Supplied records below:

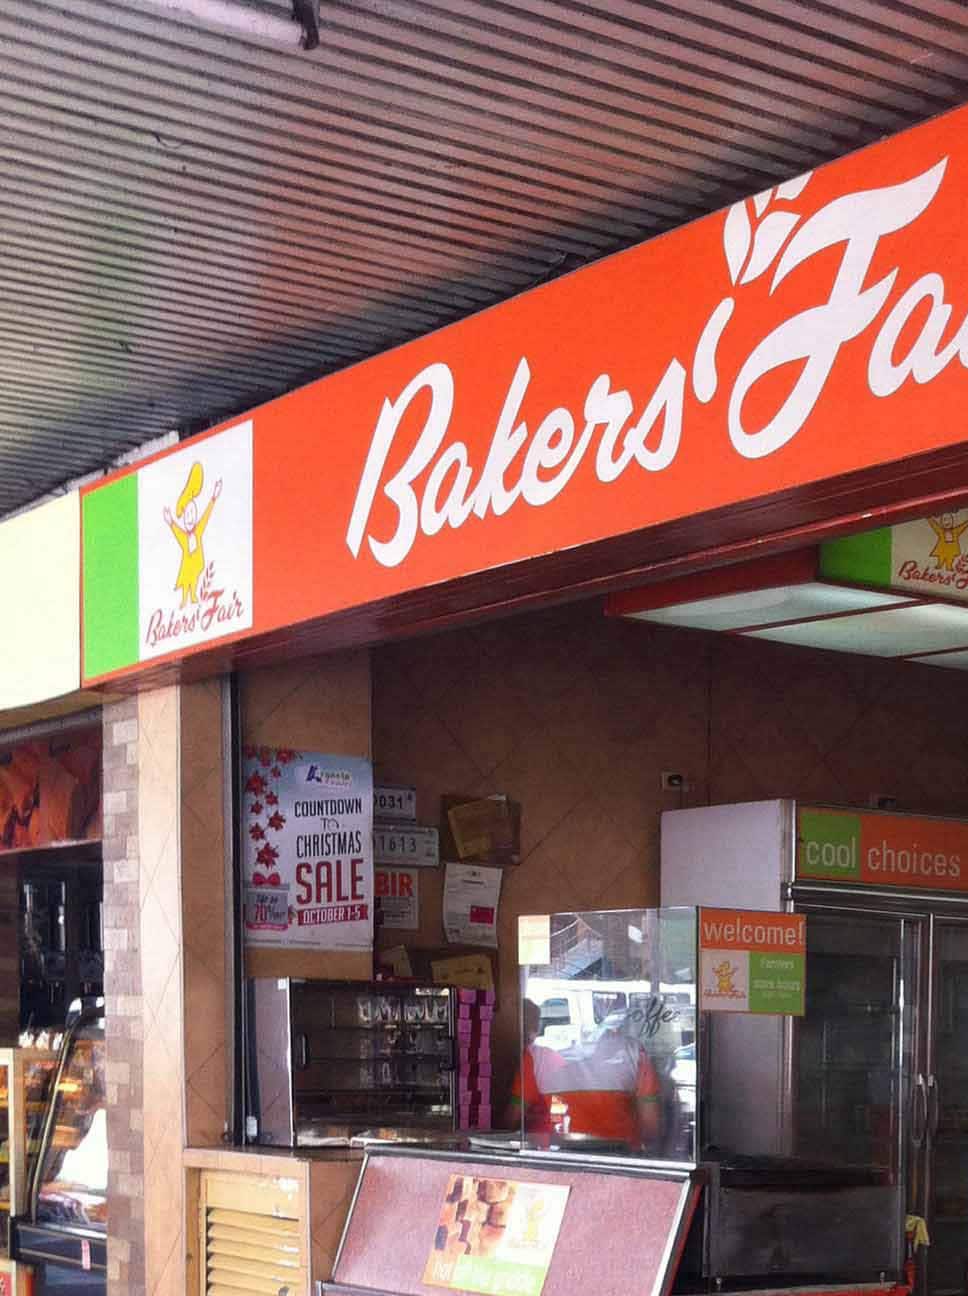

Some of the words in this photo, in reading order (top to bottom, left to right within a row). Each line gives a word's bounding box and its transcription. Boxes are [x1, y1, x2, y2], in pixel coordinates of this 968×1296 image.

[345, 297, 734, 567] Bakers'
[145, 604, 201, 646] Bakers'
[200, 588, 245, 631] Fair
[294, 797, 363, 817] COUNTDOWN
[319, 817, 340, 831] TO
[296, 830, 362, 858] CHRISTMAS
[805, 836, 857, 869] cool
[866, 839, 961, 878] choices
[296, 858, 365, 905] SALE
[303, 907, 344, 924] OCTOBER

End of Supplied records.

§ The problem
Write the entries above out again exactly, but not the pictures.

§ Answer space
Some of the words in this photo, in reading order (top to bottom, left to right within a row). Each line gives a word's bounding box and its transcription. Boxes are [x1, y1, x2, y2], in pixel coordinates of this 968×1296 image.

[345, 297, 734, 567] Bakers'
[145, 604, 201, 646] Bakers'
[200, 588, 245, 631] Fair
[294, 797, 363, 817] COUNTDOWN
[319, 817, 340, 831] TO
[296, 830, 362, 858] CHRISTMAS
[805, 836, 857, 869] cool
[866, 839, 961, 878] choices
[296, 858, 365, 905] SALE
[303, 907, 344, 924] OCTOBER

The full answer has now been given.